'''

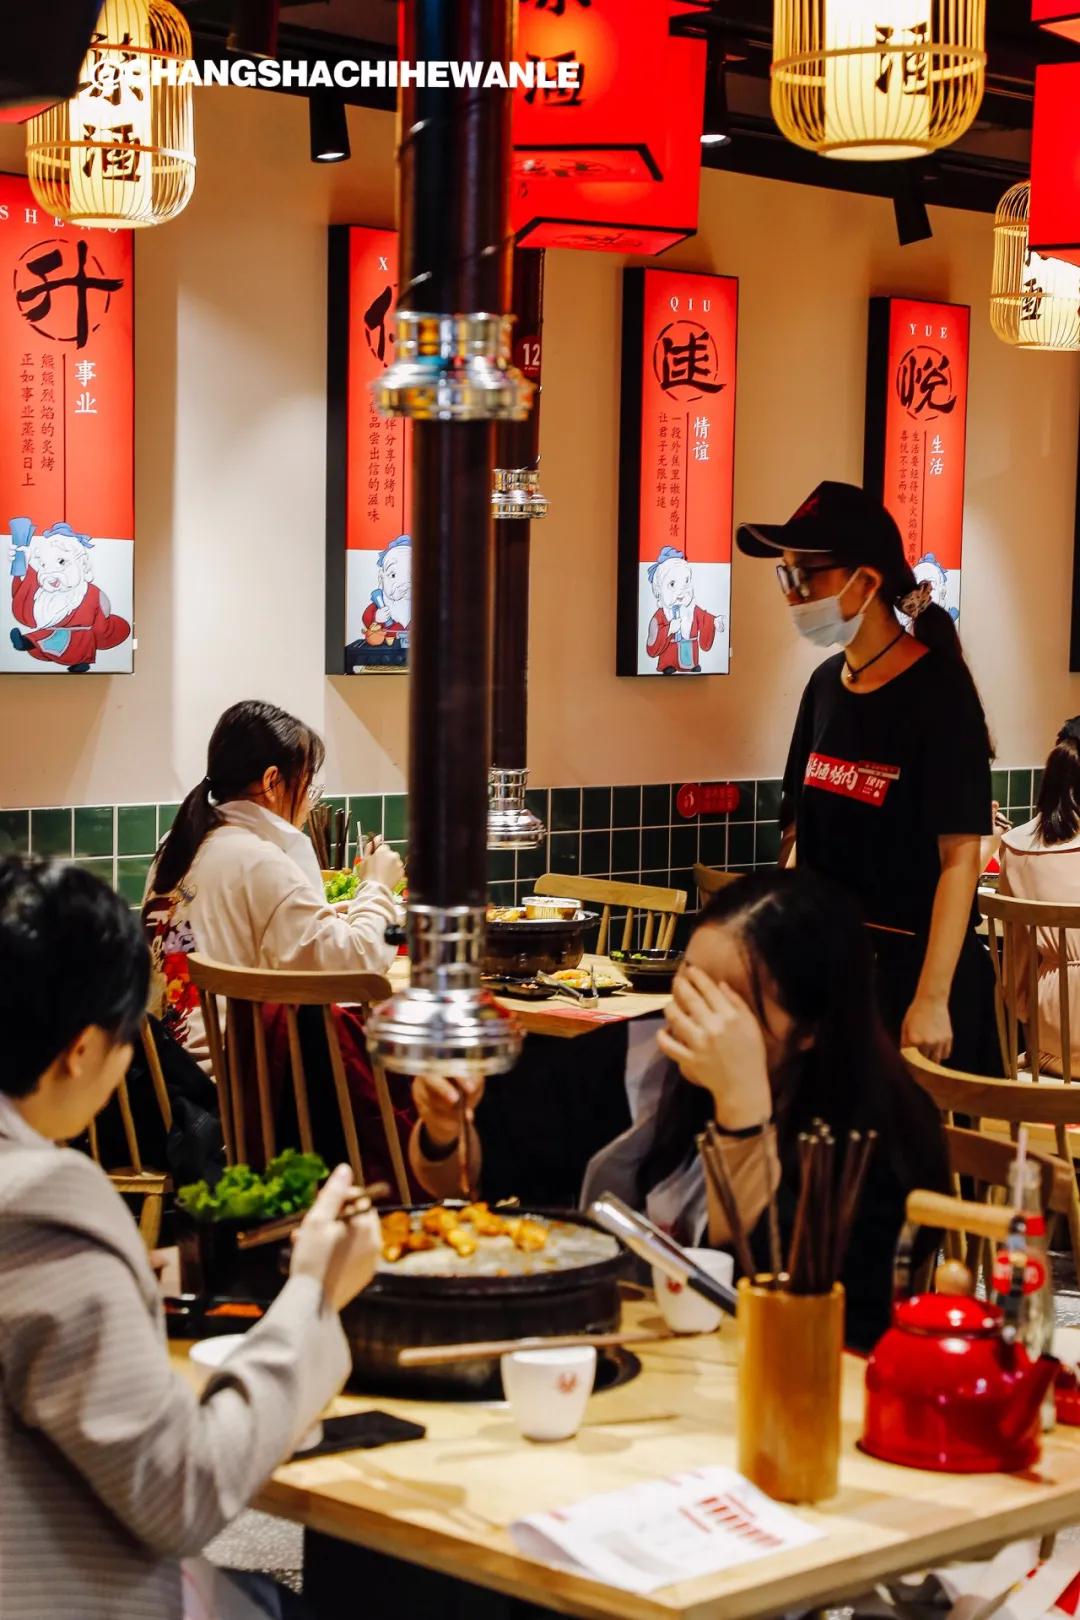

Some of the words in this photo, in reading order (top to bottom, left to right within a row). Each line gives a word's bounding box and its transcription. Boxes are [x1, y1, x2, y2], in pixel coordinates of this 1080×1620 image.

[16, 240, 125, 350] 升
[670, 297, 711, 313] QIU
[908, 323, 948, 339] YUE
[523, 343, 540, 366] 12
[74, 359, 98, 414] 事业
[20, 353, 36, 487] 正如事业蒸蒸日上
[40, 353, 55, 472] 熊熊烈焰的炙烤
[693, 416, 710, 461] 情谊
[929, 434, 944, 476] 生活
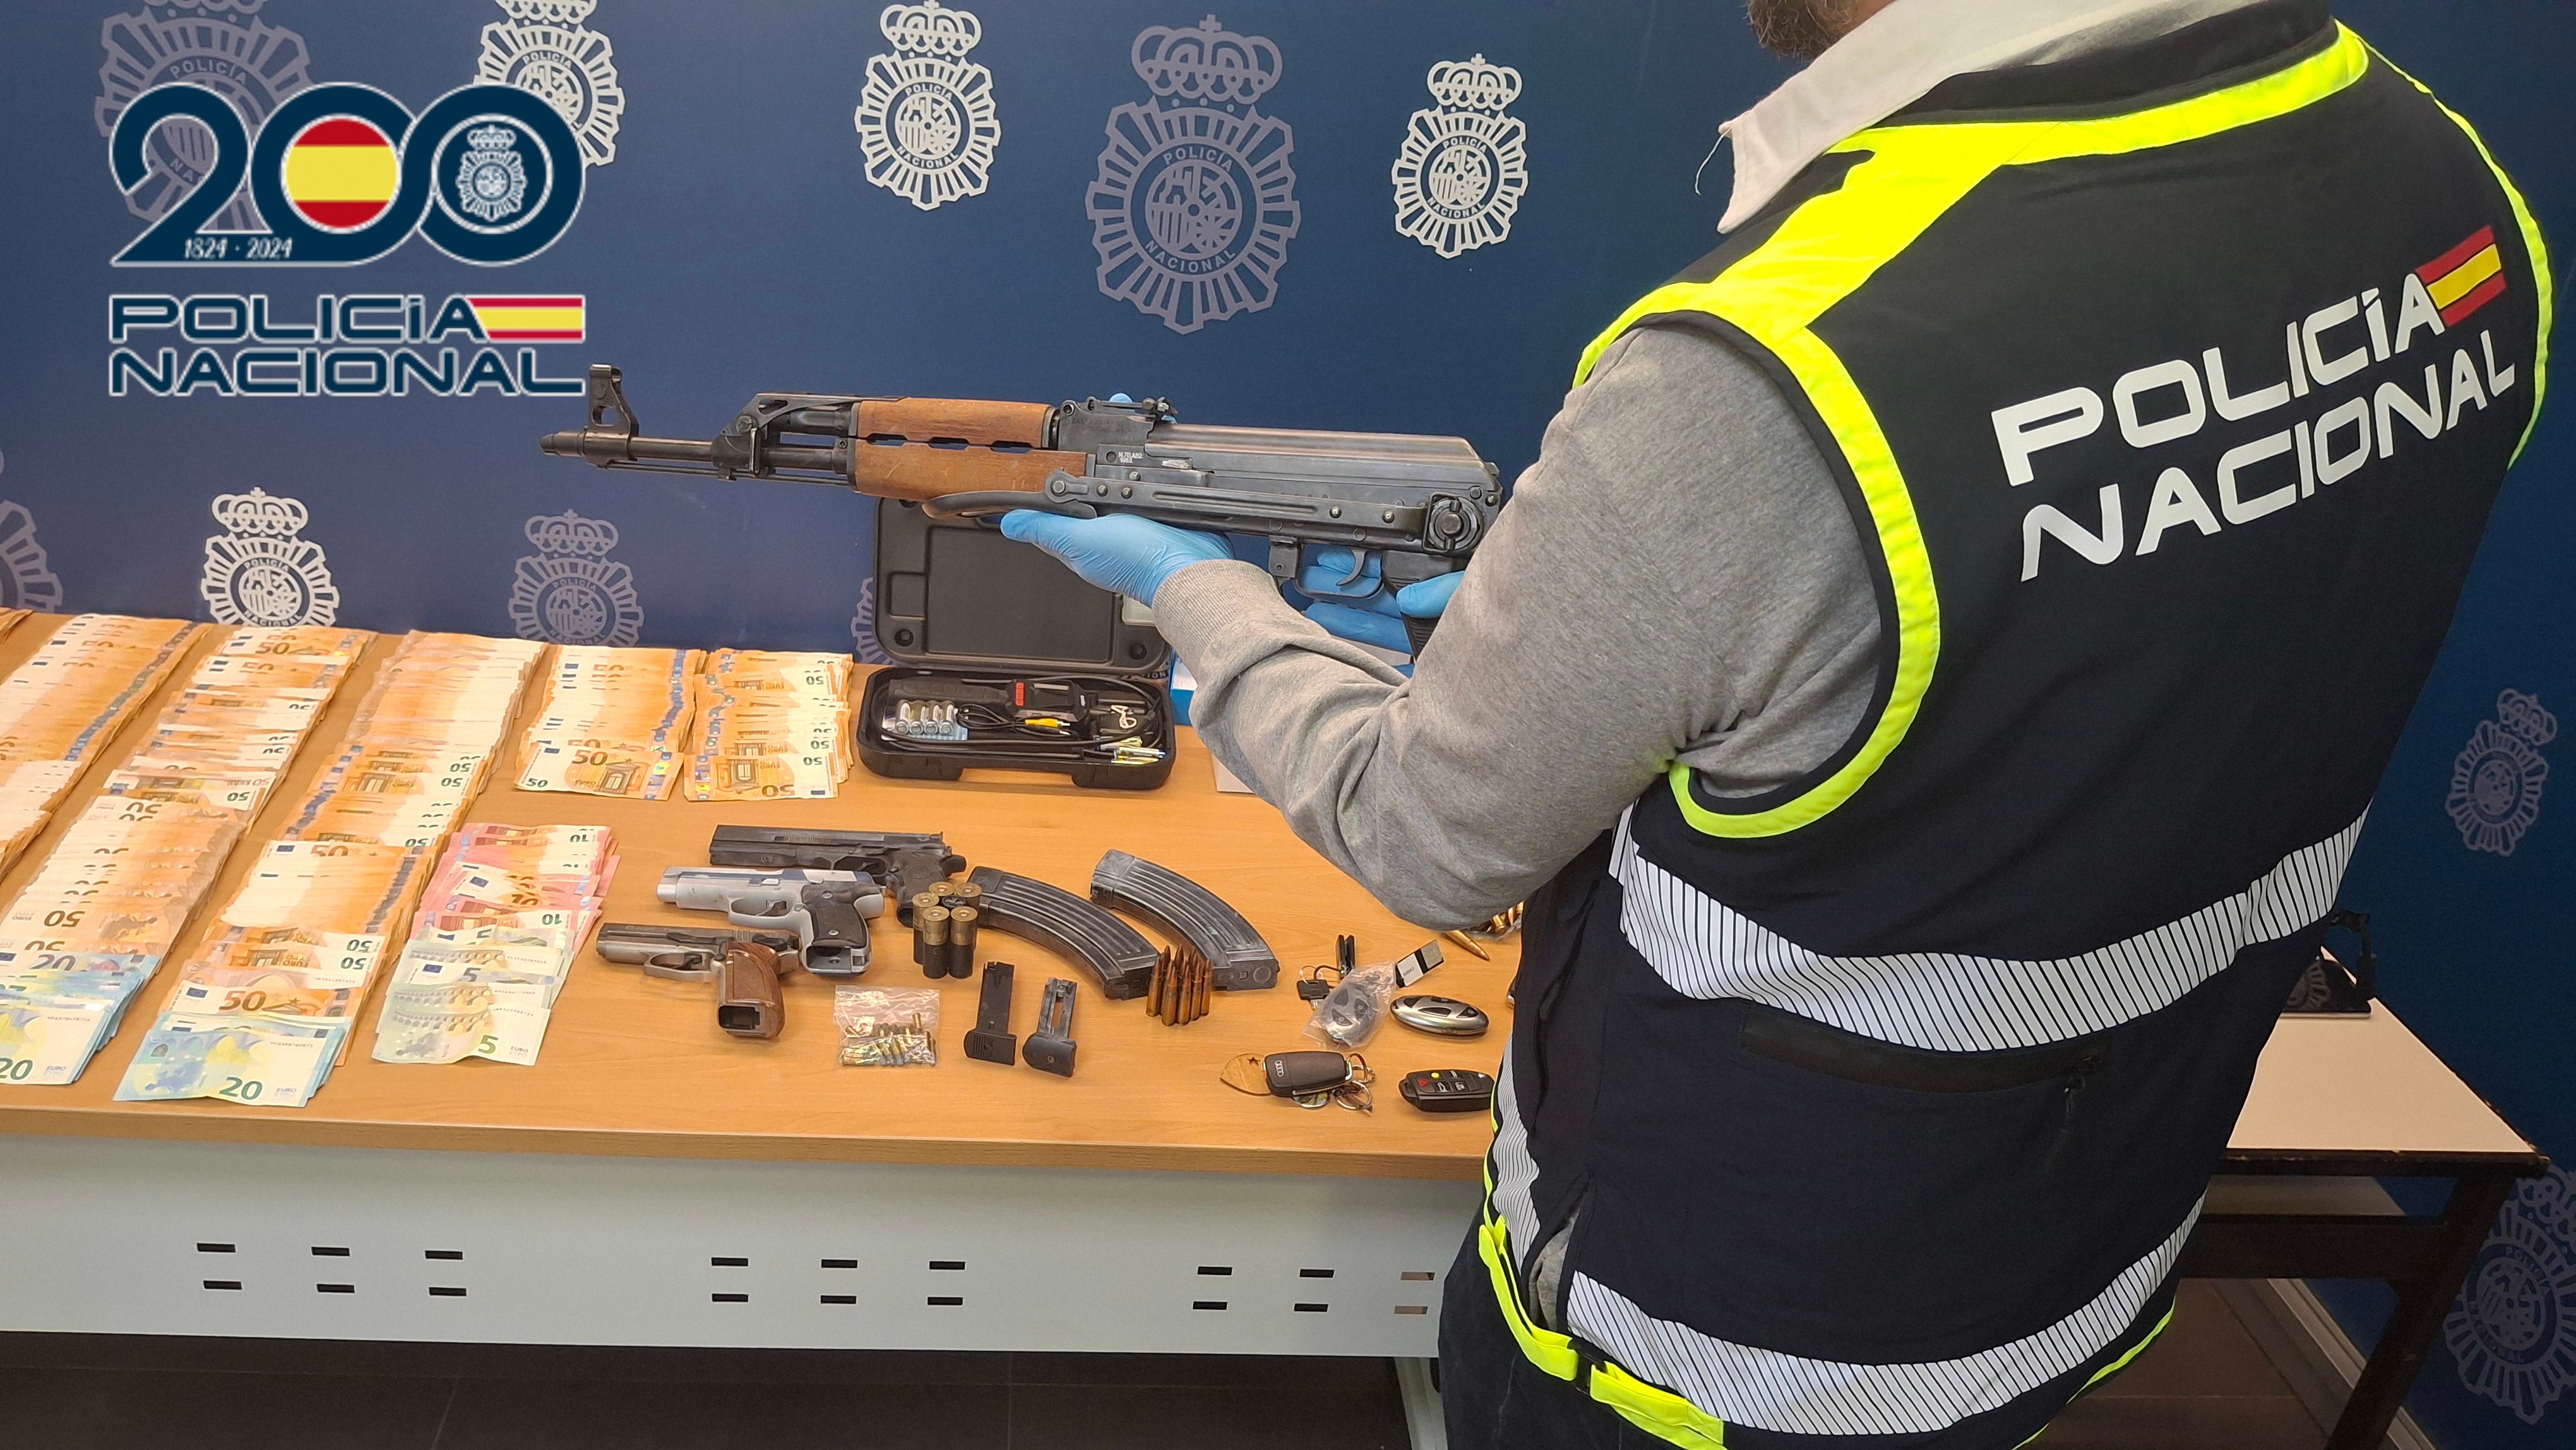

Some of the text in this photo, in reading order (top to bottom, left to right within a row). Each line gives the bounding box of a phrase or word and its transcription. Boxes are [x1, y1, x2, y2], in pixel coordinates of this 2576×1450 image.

'''

**WORK TO BE COMPLETED**. Reproduce the material in its entirety and word for word, without the pictures.

**ANSWER TO THE EXERCISE**.
Some of the words in this photo, in reading order (top to bottom, left to right within a row). Each line gives a word's bounding box and its transcription. Boxes are [x1, y1, x2, y2], in pixel coordinates of this 1080×1620 image.

[16, 240, 125, 350] 升
[670, 297, 711, 313] QIU
[908, 323, 948, 339] YUE
[523, 343, 540, 366] 12
[74, 359, 98, 414] 事业
[20, 353, 36, 487] 正如事业蒸蒸日上
[40, 353, 55, 472] 熊熊烈焰的炙烤
[693, 416, 710, 461] 情谊
[929, 434, 944, 476] 生活

Some of the text in this photo, in reading order (top to bottom, left to right within a row). Each line gives the bounding box of a phrase or word and its transcription. Boxes are [x1, y1, x2, y2], in pixel coordinates of this 2576×1450 image.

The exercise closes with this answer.